Sin Retorno

79. El Sonido del Silencio

Recorrieron un laberinto de corredores secundarios, la camiseta roja de Ron como un faro varios metros por delante de ellos. Por fin se hallaron a cielo abierto, y sintieron el viento frío y húmedo de la noche, las luces y los ruidos del tránsito a lo lejos. Pero no los registraron realmente. Estaban como entumecidos, perdidos dentro de sí mismos en algún lugar donde no había lugar para preguntas ni ideas definidas.

De pronto sentían algo en su interior, una sensación como una roca que no pedía permiso para existir. Allí estaba. Habían seguido a Ron tratando de aceptar y adaptarse a esta cosa que tenían dentro, hundiendo sus raíces en ellos, negándose a revelar su verdadera forma, su significado, sus intenciones.

Aún caminaban hombro con hombro, los brazos uno contra otro, y el contacto entre ellos parecía lo único real en aquella noche desdibujada. Era la única manera de seguir caminando. Separarse hubiera sido como cortarse una pierna. Se habrían derrumbado allí mismo, obligados a esperar que el otro viniera a levantarlos.

Se subieron al auto en silencio. Jim soltó la mano de Silvia sólo para rodearle los hombros con su brazo, permitiéndole apoyarse contra su costado, los ojos de ambos perdidos en la ciudad a través de la ventanilla. Aún no habían pronunciado palabra cuando bajaron del auto en el estacionamiento del hotel, subieron a un elevador y llegaron a la suite de Jim.
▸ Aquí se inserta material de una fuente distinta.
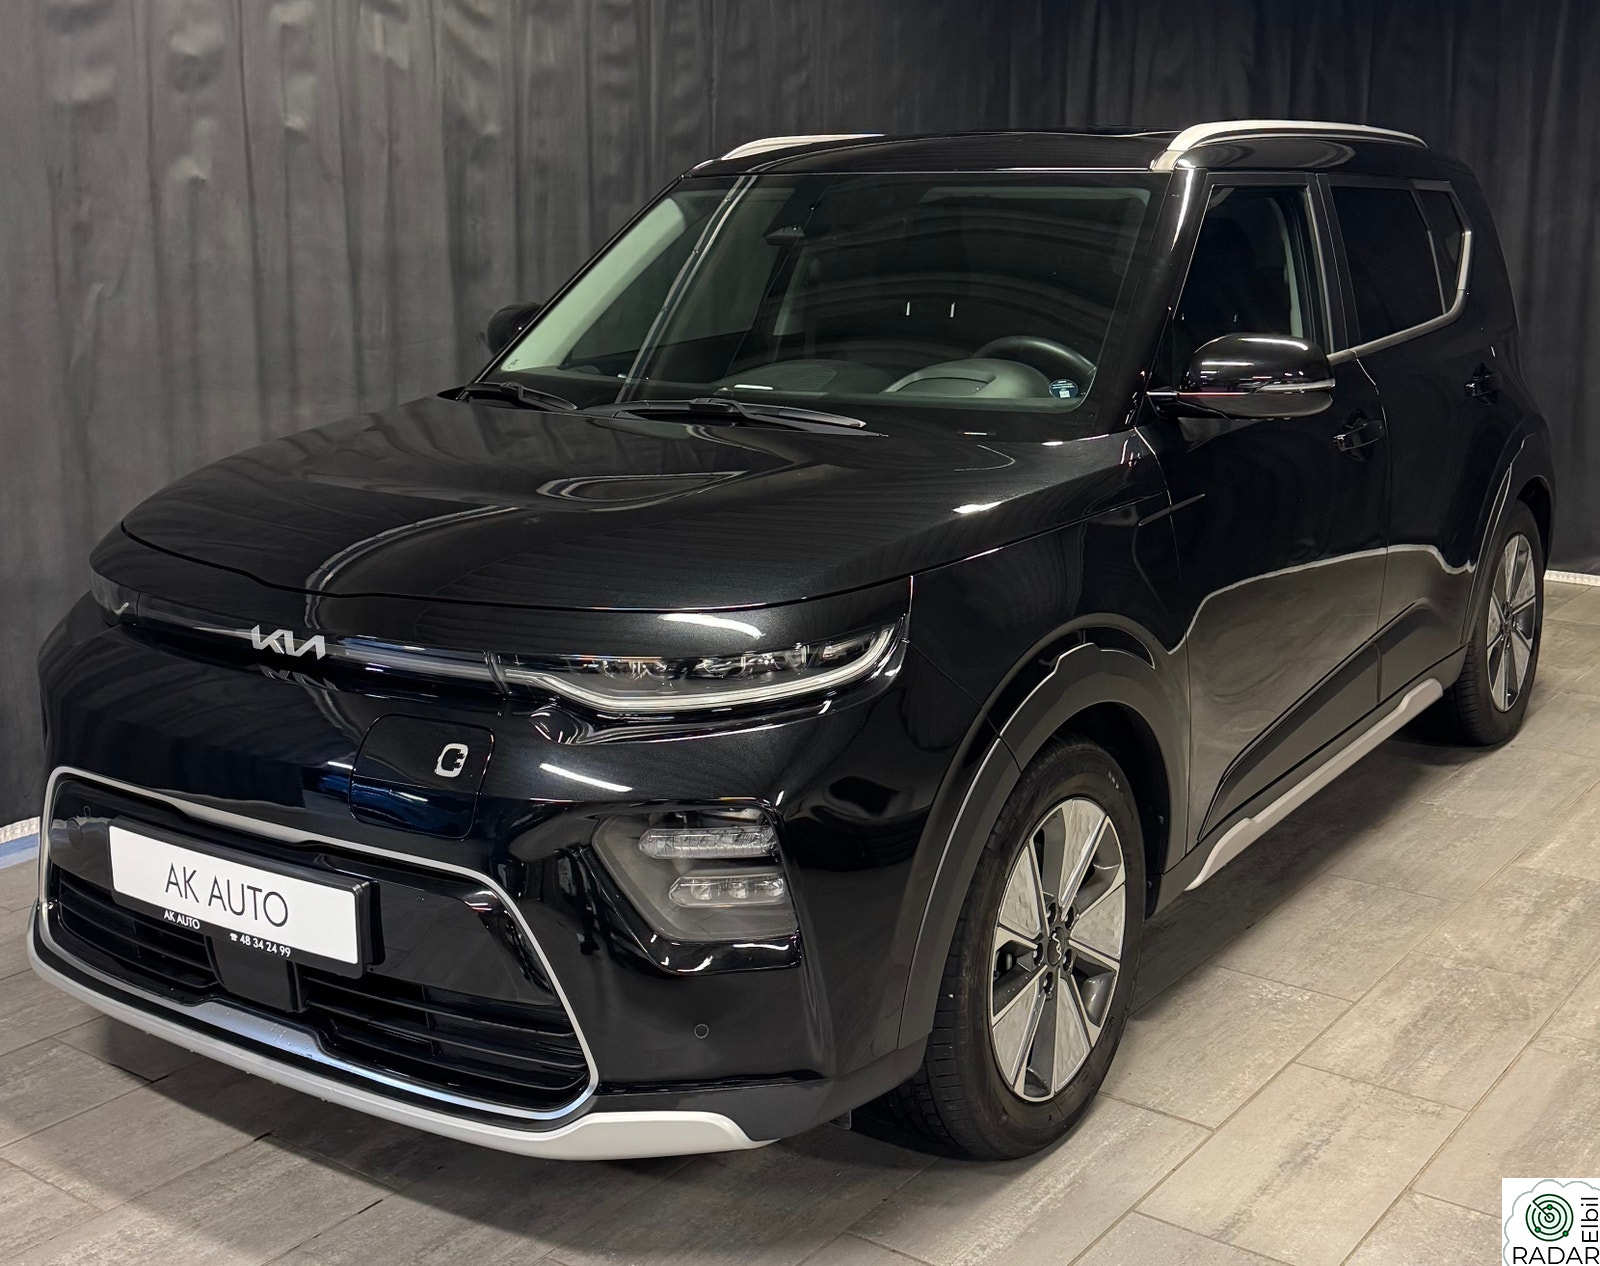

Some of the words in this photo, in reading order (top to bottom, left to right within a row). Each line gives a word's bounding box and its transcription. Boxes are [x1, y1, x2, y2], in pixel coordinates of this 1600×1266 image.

[251, 624, 326, 660] KIA
[165, 862, 200, 903] AK
[208, 875, 289, 928] AUTO
[164, 909, 175, 922] AK
[177, 916, 201, 930] AUTO
[240, 934, 251, 946] 48
[253, 938, 264, 950] 34
[266, 942, 277, 954] 24
[279, 946, 291, 957] 99
Él cerró la puerta sin soltar su mano y no se molestó por prender ninguna luz. La atrajo hacia él. Se abrazaron y descansaron la cabeza en el hombro del otro, cerrando los ojos. Sólo entonces volvieron a respirar realmente.

Esa cosa seguía allí, imponiéndoles una gravedad que no comprendían y tampoco podían rechazar.

—¿Un baño? —murmuró Jim.

Silvia asintió.

Mientras él llenaba la bañera, ella llamó a la recepción para preguntar si tenían velas aromáticas. Tratándose de la suite de Jim Robinson, apenas había cortado cuando ya golpeaban a la puerta, para entregarle una bonita canasta con velas de todos los tamaños y perfumes habidos y por haber. En otro momento se habría reído. Esa noche tomó la canasta, una cerveza del frigobar y llevó todo al baño.
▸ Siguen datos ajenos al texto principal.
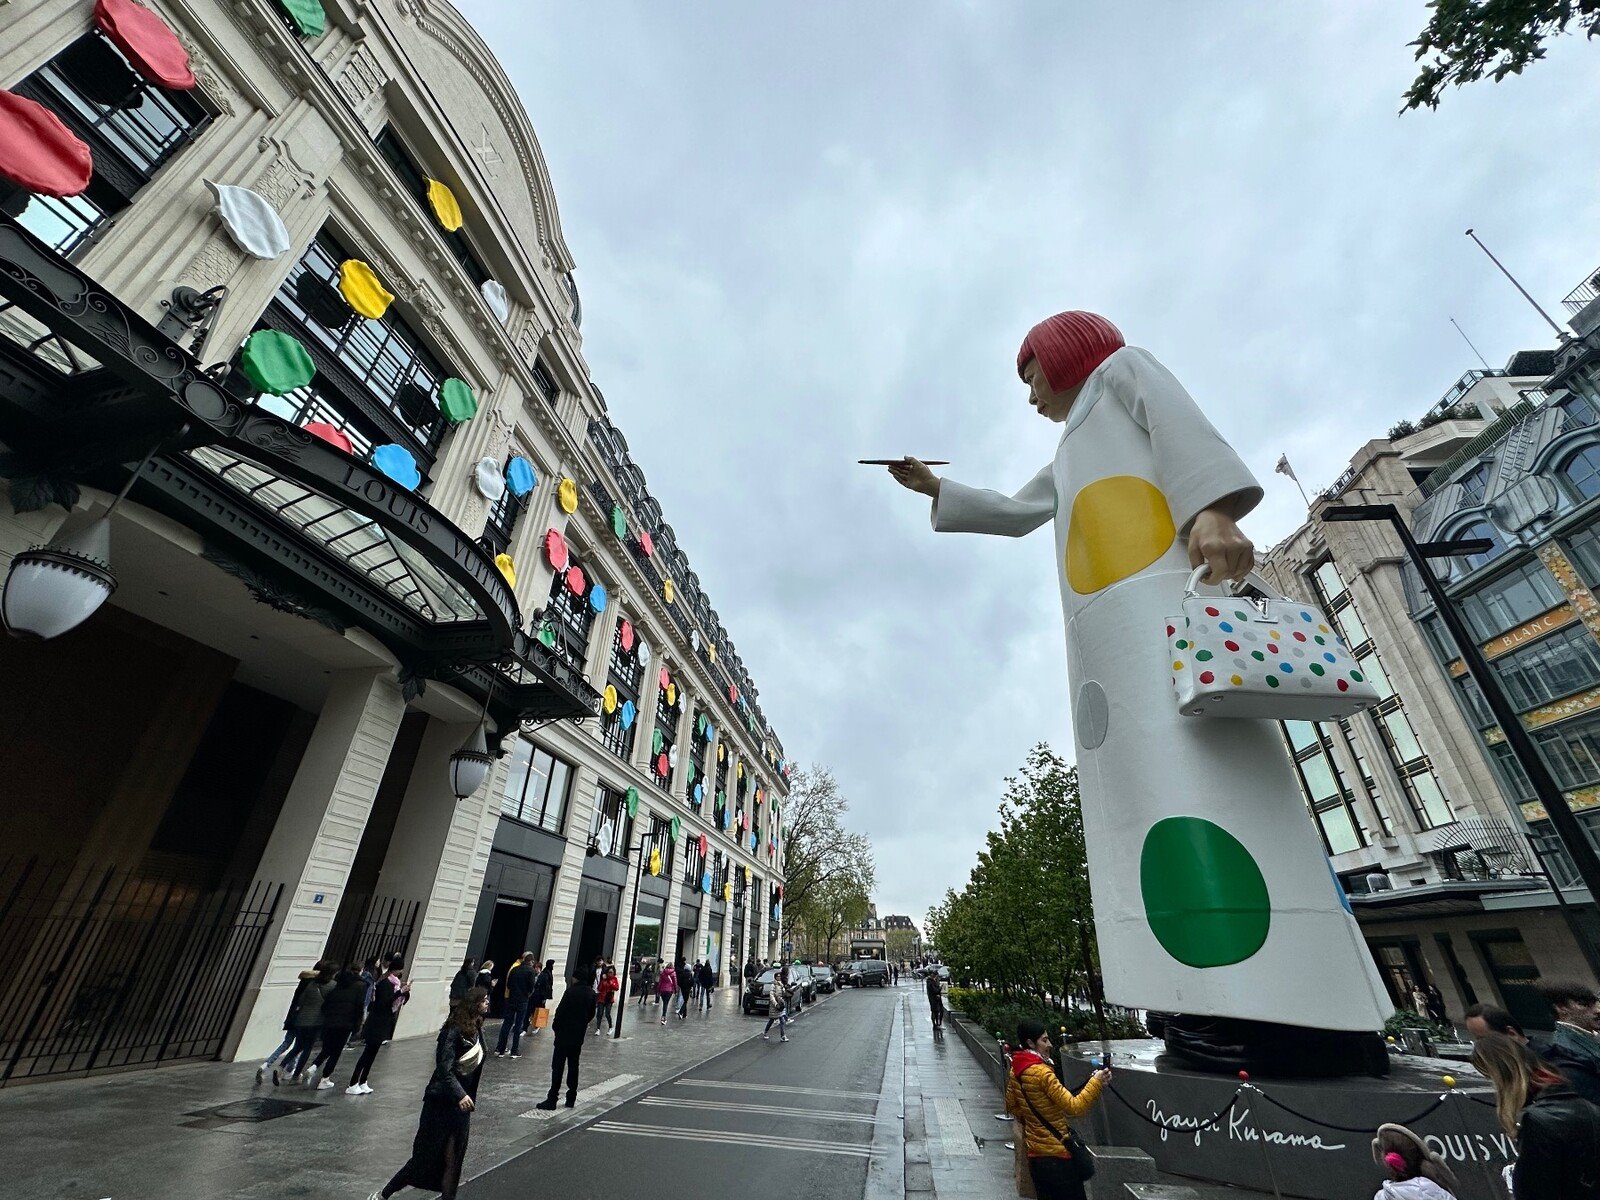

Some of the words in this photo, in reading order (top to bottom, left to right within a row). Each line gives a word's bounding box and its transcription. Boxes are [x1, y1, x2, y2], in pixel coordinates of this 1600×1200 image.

[339, 463, 433, 535] LOUIS
[452, 537, 513, 617] VUITTON
[1502, 616, 1554, 647] BLANC
[1422, 1134, 1491, 1161] OUIS
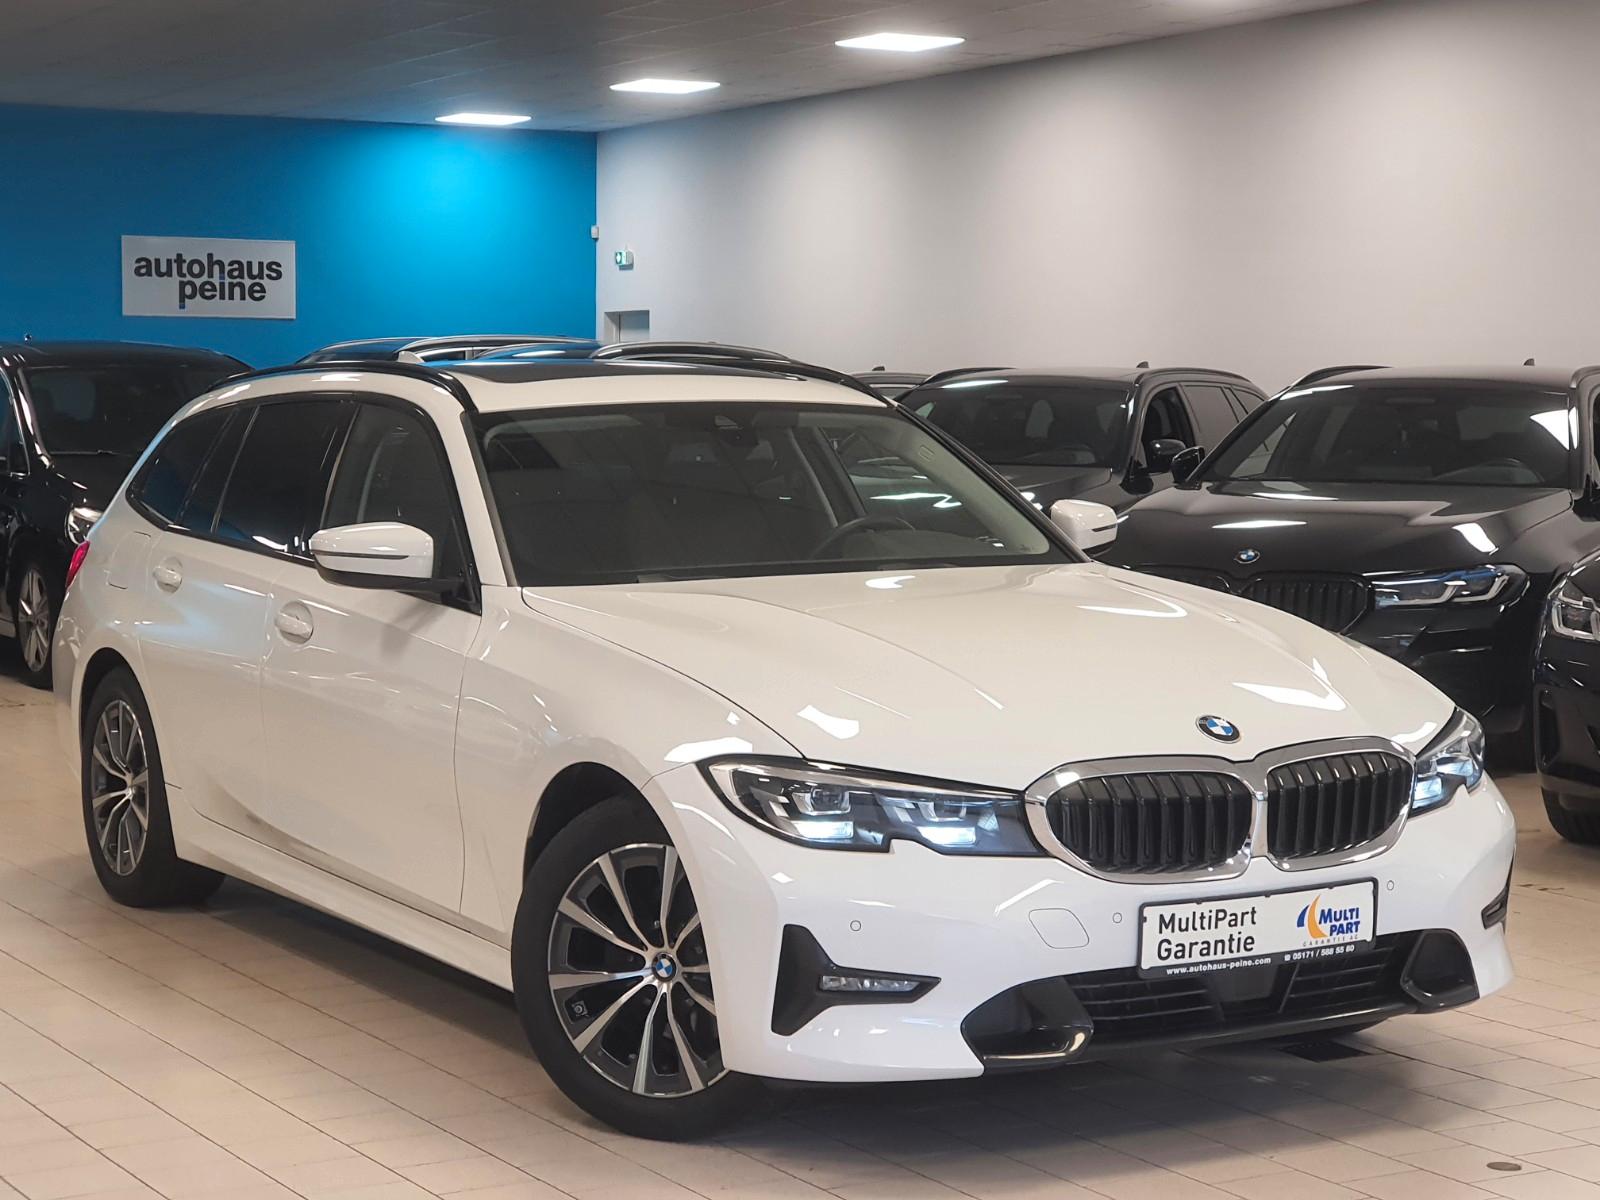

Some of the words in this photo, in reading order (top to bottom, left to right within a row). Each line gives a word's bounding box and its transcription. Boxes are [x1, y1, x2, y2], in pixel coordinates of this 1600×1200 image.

[134, 252, 283, 281] autohaus
[178, 278, 267, 310] peine
[1158, 906, 1257, 934] MultiPart
[1318, 907, 1360, 925] MULTI
[1329, 920, 1361, 936] PART
[1157, 931, 1256, 961] Garantie
[1166, 957, 1272, 975] www.autohaus-peine.com
Jim permanecía sentado a oscuras al borde de la bañera, completamente vestido, como si esperara que algo o alguien viniera a moverlo. Silvia le tendió la cerveza y él la tomó y la dejó junto a sus piernas, sin siquiera abrirla. Observó a Silvia encender velas en todas las superficies horizontales en torno a la bañera. Aquél era toque muy propio de ella. Sus cejas consideraron arquearse cuando la vio arrodillarse frente a él para desatarle los tenis.

El espejo le mostró a Jim que se incorporaba para permitir que Silvia lo desnudara. Y cada prenda que ella le quitaba con sus manos suaves y atentas se sentía como una tonelada de piedras que le quitaba de los hombros.
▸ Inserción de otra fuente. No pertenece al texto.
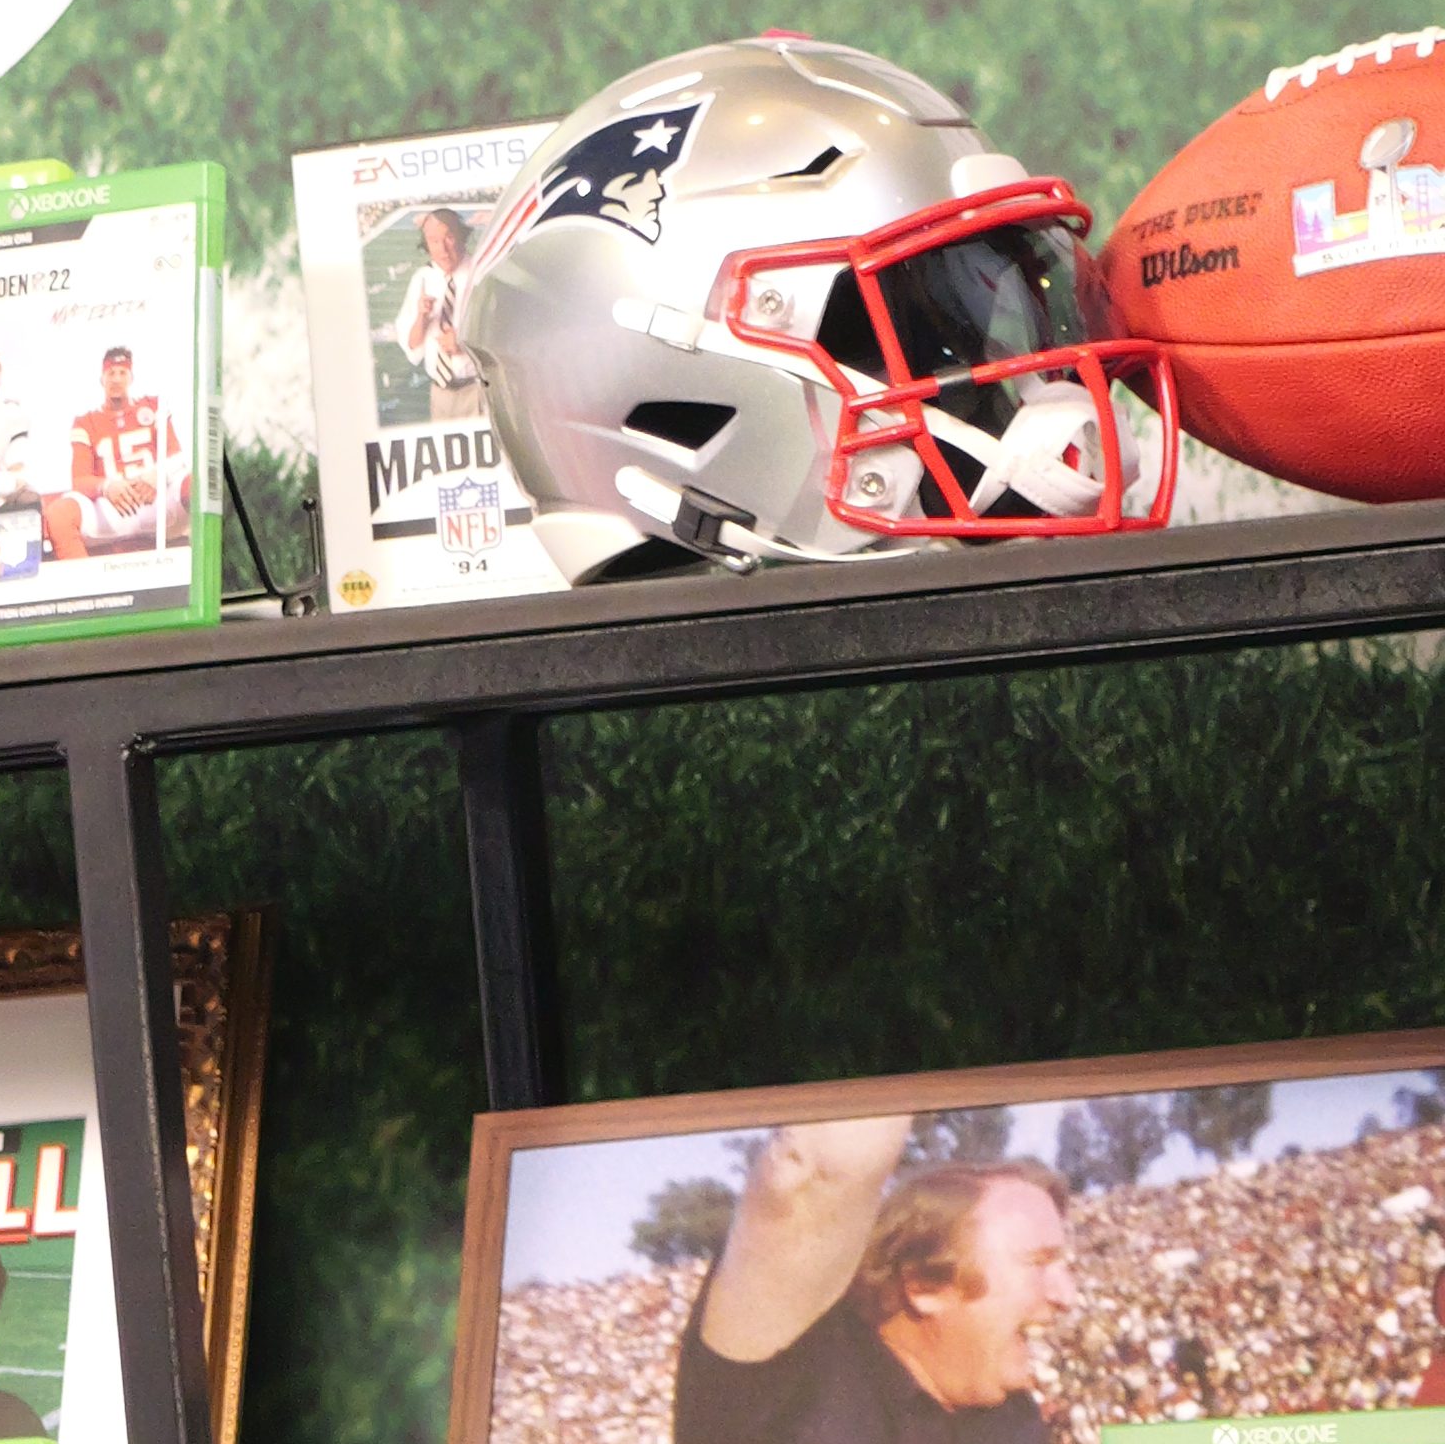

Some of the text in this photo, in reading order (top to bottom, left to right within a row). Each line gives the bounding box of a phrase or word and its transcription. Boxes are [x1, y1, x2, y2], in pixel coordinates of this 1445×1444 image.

[400, 138, 528, 178] SPORTS
[29, 183, 111, 215] XBOX ONE
[48, 268, 71, 292] 22
[1140, 241, 1241, 289] Wilson
[445, 512, 499, 549] NFL
[1294, 1423, 1338, 1444] ONE
No precisó elaborar ningún pensamiento complejo para hacer lo mismo que ella y desnudarla. Luego la ayudó a entrar en el agua tibia cubierta de espuma. Sus brazos la rodearon una vez más, para cobijarla y para apoyarse en ella al mismo tiempo.

El tiempo se había extraviado a la salida del estadio, en medio de la multitud que atestaba las calles, y aún intentaba volver a encontrar su rastro para darles caza.

Sus cuerpos se relajaron en el agua burbujeante, mientras ellos bebían un sorbo de cerveza de tanto en tanto. Hubieran podido quedarse dormidos allí mismo, si esa cosa dentro de ellos no se hubiera hecho notar tanto, reteniéndolos prisioneros. La sentían cada uno a su manera, y comprendían que cualquier intento de negación o negociación sería inútil.

Era real. Allí estaba. Había ocurrido. Y ahora le pertenecían.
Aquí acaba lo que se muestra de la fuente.